O zelo evangelizador tem sido, de qualquer maneira, a base do interesse lingüístico missionário; continua sendo ainda hoje, para o trabalho lingüístico de muitas missões de fé, encabeçadas pela norte-americana Summer Institute of Linguistics, hoje Sociedade Internacional de Lingüística (SIL), como a Novas Tribos, a MEVA (Missão Evangélica da Amazônia), a JOCUM (Jovens com Uma Missão), a ALEM (Associação Lingüística Evangélica Missionária). Essas missões e seus lingüistas, portadores de um trágico binômio "aniquilar culturas, salvar línguas", após demorado trabalho de estudo, esvaziam palavras e enunciados de línguas indígenas para torná-los recipientes de outros conteúdos, bíblias e evangelhos, novas semânticas para povos subjugados e passivizados sob o rolo compressor da conversão civilizatória. O SIL, dublê de missão militantemente evangelizadora e instituição de pesquisa, foi personagem importante na implementação da pesquisa em lingüística "indígena" no Brasil entre o final dos anos 50 e o dos anos 70, bem como teve, até não muito tempo atrás, primazia na cena da lingüística internacional (tendo recursos próprios para publicar e publicando em inglês).

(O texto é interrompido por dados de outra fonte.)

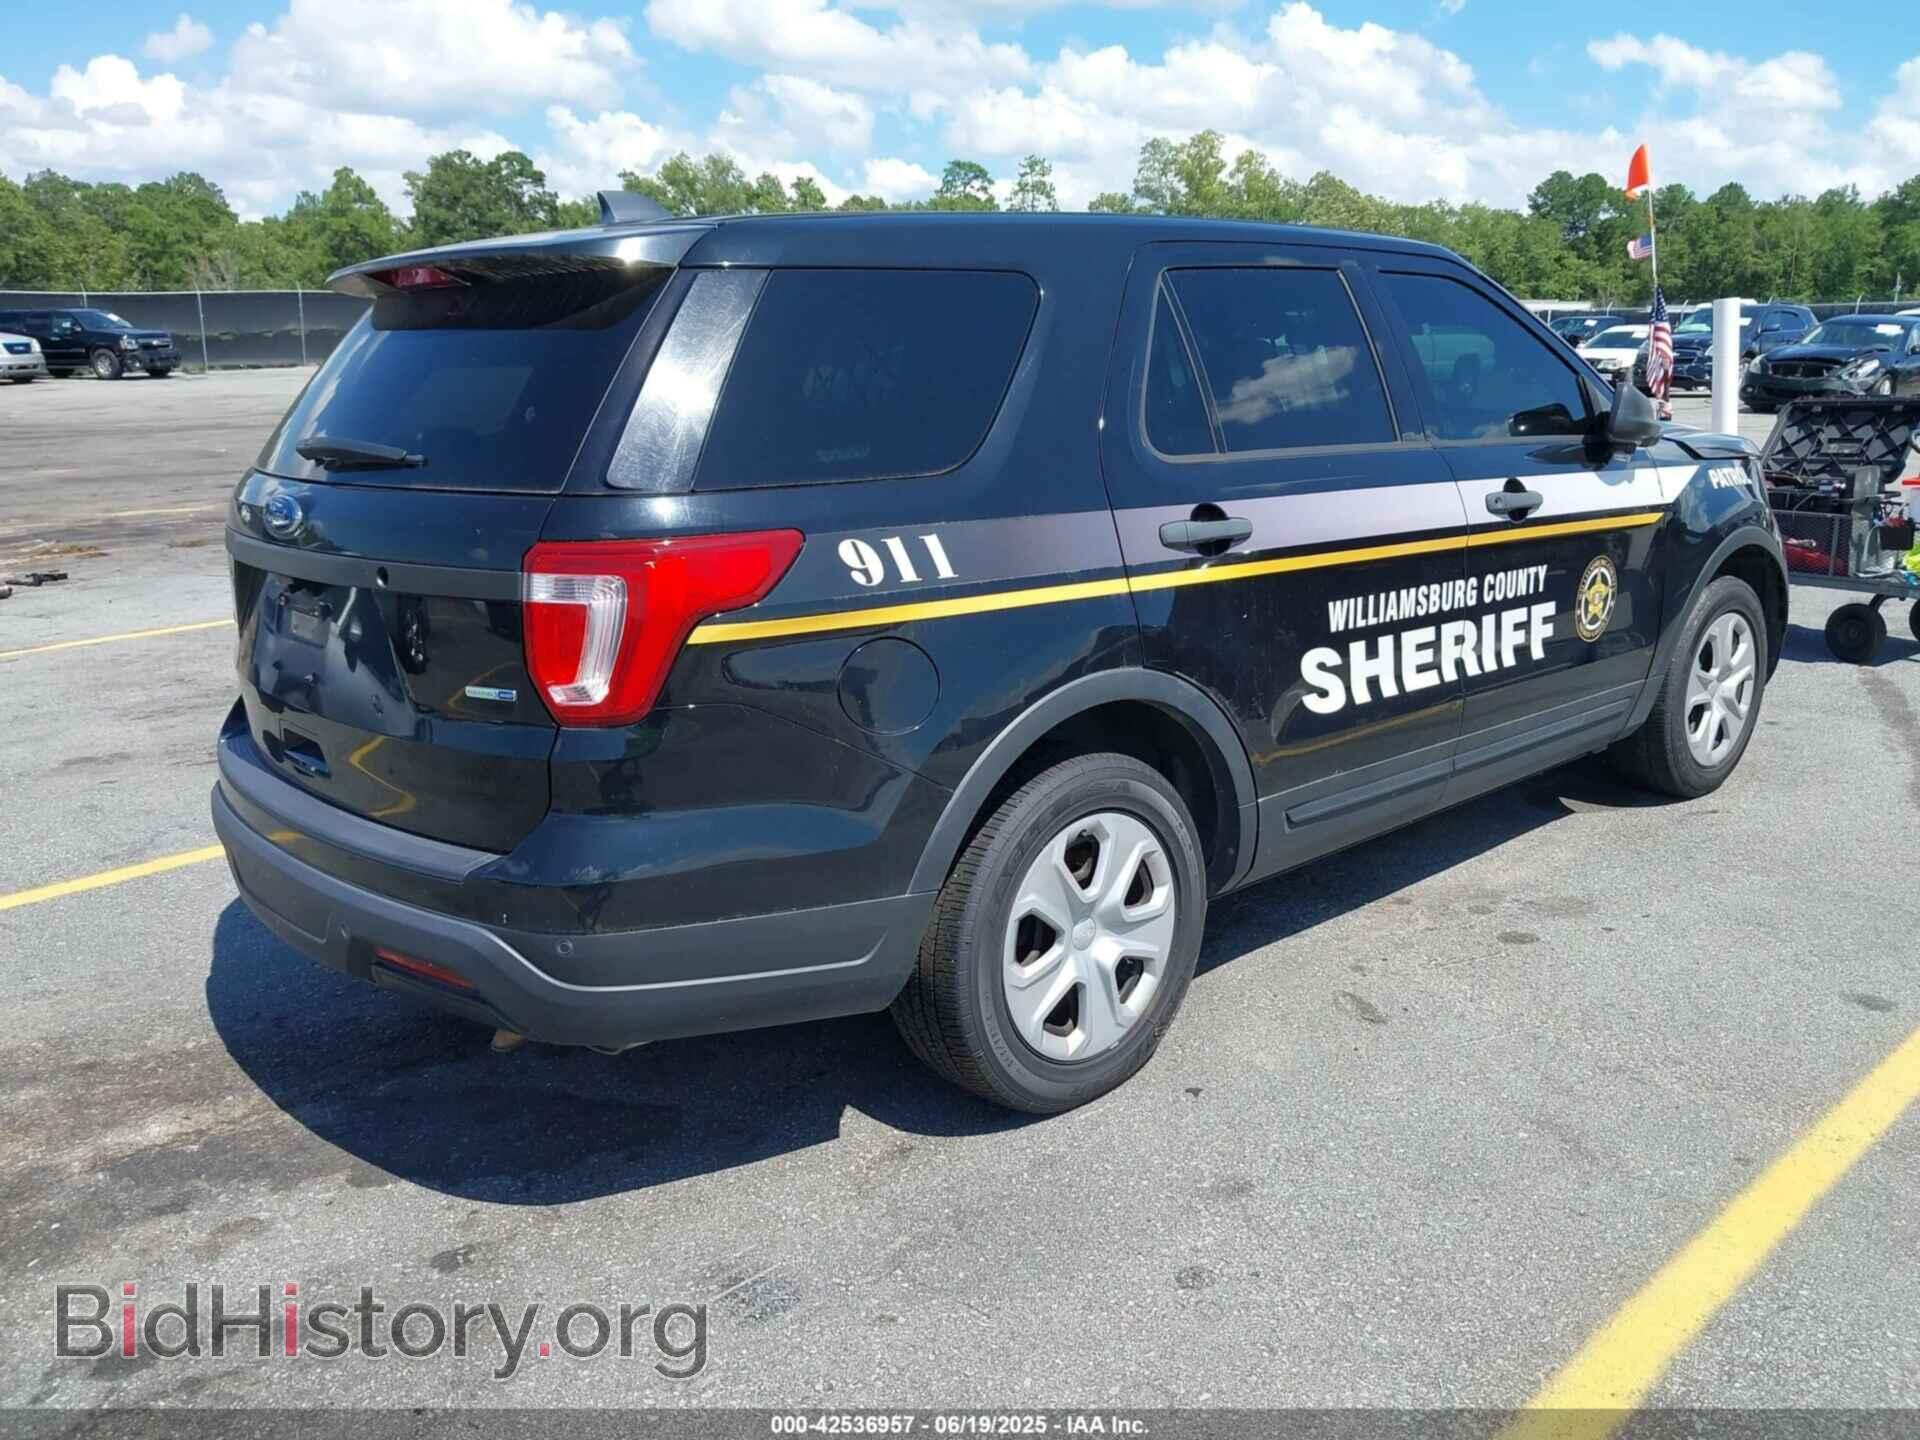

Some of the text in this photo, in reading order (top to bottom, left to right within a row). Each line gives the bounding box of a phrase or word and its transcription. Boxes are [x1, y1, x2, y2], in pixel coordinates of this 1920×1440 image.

[838, 533, 959, 586] 911
[1328, 581, 1477, 633] WILLIAMSBURG
[1483, 564, 1548, 603] COUNTY
[1300, 600, 1557, 714] SHERIFF
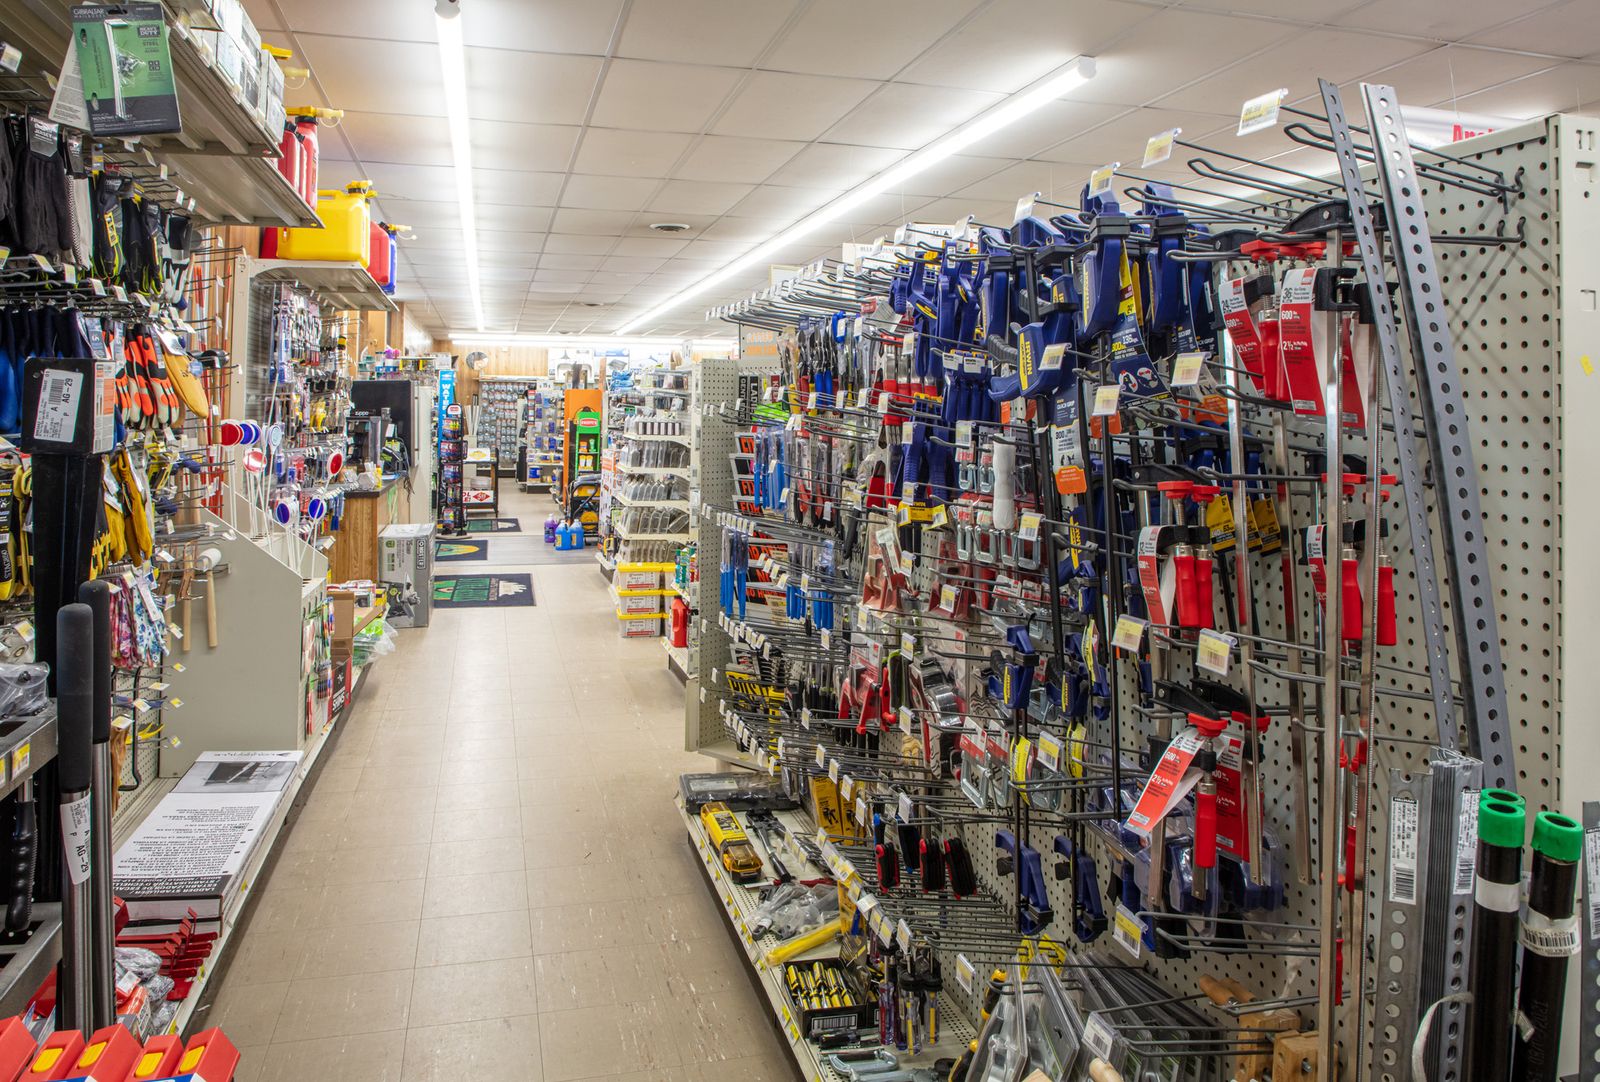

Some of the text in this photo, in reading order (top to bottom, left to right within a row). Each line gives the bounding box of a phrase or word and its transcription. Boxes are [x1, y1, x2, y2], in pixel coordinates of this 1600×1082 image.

A lingüística laica, não obstante, foi se desvencilhando, mesmo que penosamente, do marco missionário, procurando documentar o que resta dessa diversidade, desdobrando-se entre o desenvolvimento de seus modelos descritivos e explicativos e a aplicação de seus saberes em prol de projetos políticos que possibilitem a sobrevida digna das línguas indígenas diante do fascínio e poder da língua dos brancos na mídia, nos papéis, nas máquinas, nas escolas.

Levantamento feito por Storto e Moore em 1991 mostrava que de 80 a 100 línguas tinham recebido algum tipo de descrição; quase metade estava sem nenhuma documentação. Os autores consideravam que 10% das línguas contavam com uma descrição gramatical satisfatória. Havia somente 12 doutores no Brasil dedicando-se ao estudo dessas línguas, somente oito universidades com a presença das línguas indígenas em programas de pós-graduação. O SIL trabalhava com 40 línguas, não tendo contribuído à formação de nenhum pesquisador brasileiro. Cinqüenta e nove estavam sendo investigadas por lingüistas não-missionários; entre 1985(1) e 1991, um aumento de 36%; entre 1987 e 1991, o Programa de Pesquisas Científica das Línguas Indígenas Brasileiras (PPCLIB) do Conselho Nacional de Pesquisa (CNPq) deu apoio a bolsas, pesquisas de campo e cursos intensivos.   Os resultados de levantamento por mim realizado em 1995 mostravam a existência de cerca de 120 pesquisadores (80% ativos; uma dezena de pesquisadores missionários com vínculos acadêmicos em instituições brasileiras). Observava-se o aumento da participação de graduandos e pós-graduandos; as atividades do SIL pareciam estacionárias. O número de pesquisadores estrangeiros representava cerca de 10% desse total: norte-americanos, franceses, holandeses, alemães, sem contar os ligados às missões evangélicas, onde os norte-americanos são a maioria. Entre 1991 e 1995, houve aparentemente um aumento de cerca de 40% em termos do número de línguas estudadas.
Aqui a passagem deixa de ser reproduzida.